If we gain the Ophiuchun perspective and recognize the medicine in the shadow, the lesson in the darkness, only then we will be able to truly retrieve the fragmented elements of our soul. As we encounter the many faces of our own multidimensional self, then we embark on our return home, soaring to the Upper Worlds, to our point of origin at the Galactic Center. We follow the Archer’s arrow to the core of all consciousness, the black-hole Source we navigate as gypsy pilgrims on the Sagittarian quest for expanded consciousness. Here, we seek truth and meaning as we sail into the spirit world. We are the hero encountering beings, ideas, and philosophies whose alien presence and profound significance transcends linguistics, but whose presence helps us to build a cosmology of deep meaning and spiritual purpose.
On one level, the Ophiuchus serpent symbolizes the medicine we use in order to navigate this Middle World, while accessing both the Lower and Upper worlds: Breathwork, Regression Therapy, entheogens, shamanic journeying, trance-dance, and sacred sexuality.

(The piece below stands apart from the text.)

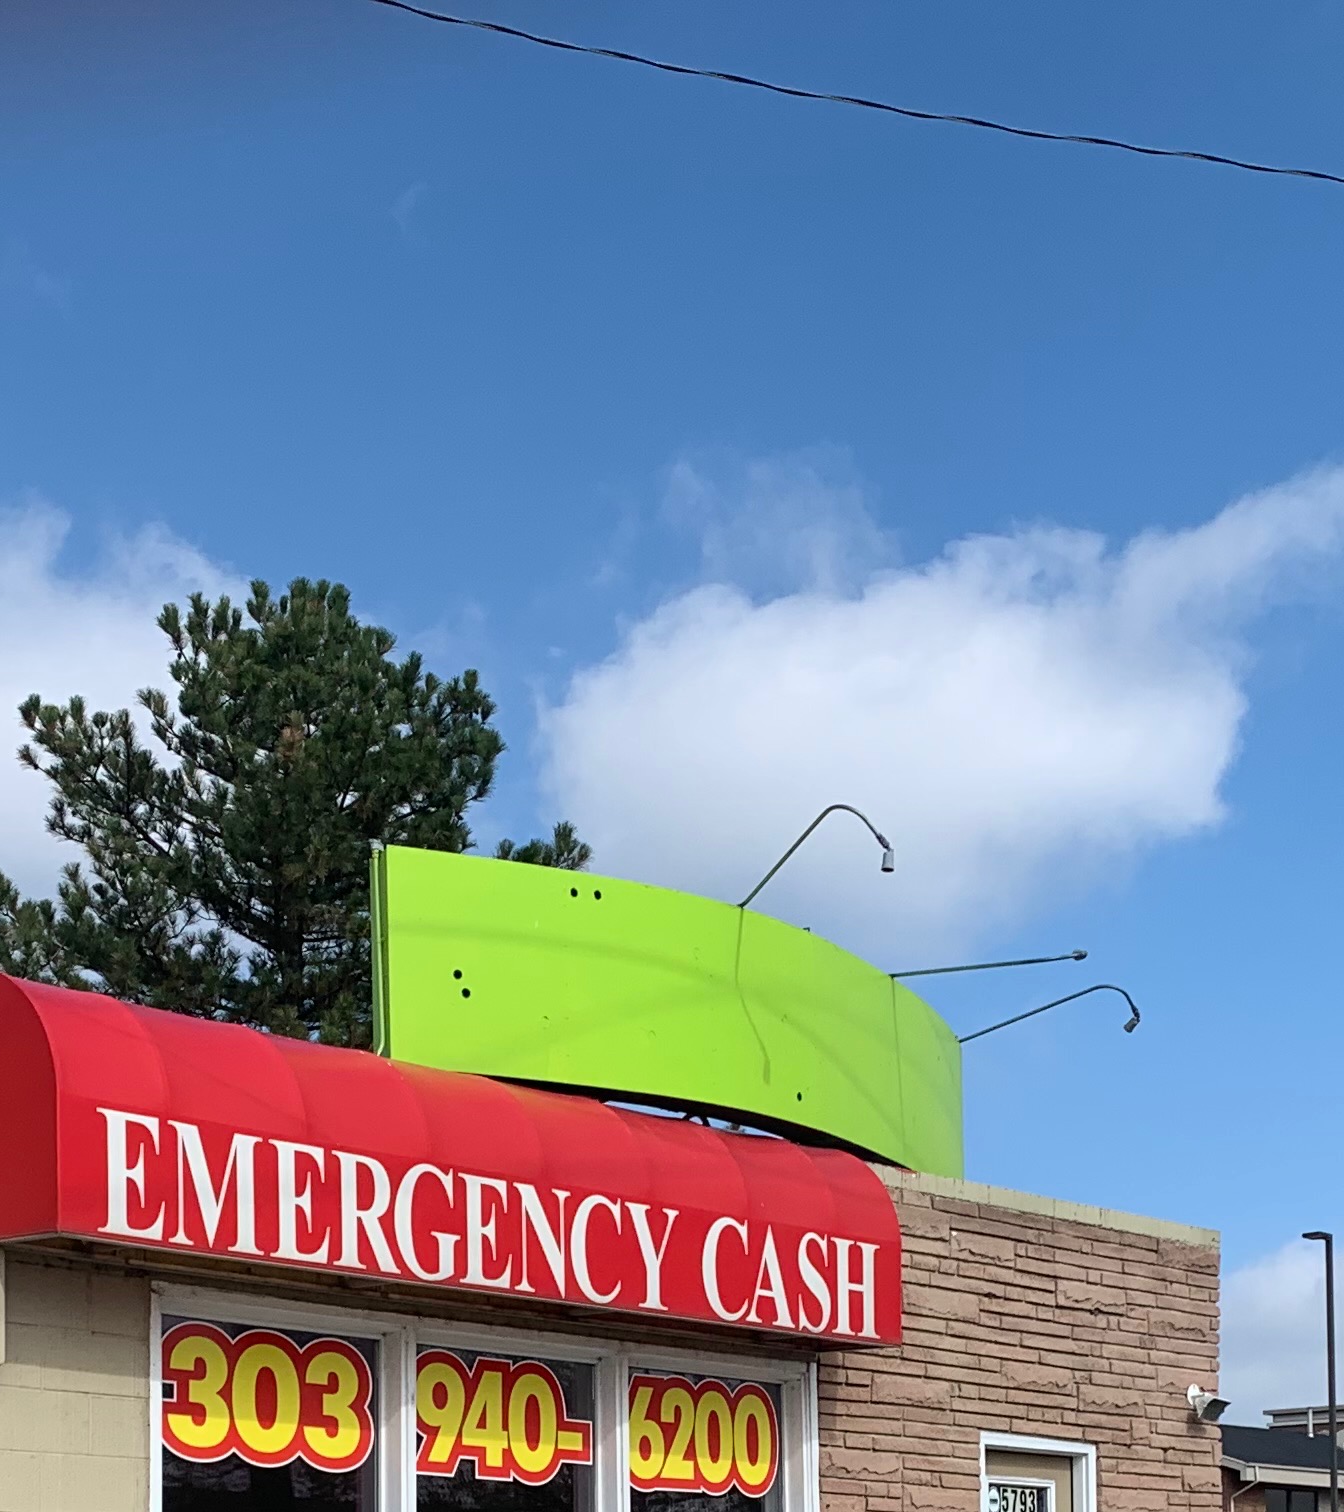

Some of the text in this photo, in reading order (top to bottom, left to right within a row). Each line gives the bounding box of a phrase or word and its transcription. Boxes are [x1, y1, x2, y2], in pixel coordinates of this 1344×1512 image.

Even as we study our astrology charts, we wrestle with a new level of self-awareness. Simultaneously humbled and empowered, we must learn to accept and activate the highest expressions of our birth script, while embodying the most evolved potential of our transits.
The scorpion, like the serpent, lurks beneath the rocks; in the shadows. As soon as we sip of the Scorpionic snake medicine and consummate our healing journey, we must battle with the serpent, where there can be no return to “profane” consciousness. This reminds us of the lessons in the tale of Adam and Eve: the serpent is the keeper of the Tree of Knowledge of Good and Evil, in which we lose innocence and awaken from ignorance into consciousness. If we try to escape from what we find, we project outside of us our inner demons, while also neglecting the angels trying to communicate through us our gifts of healing, art, and service.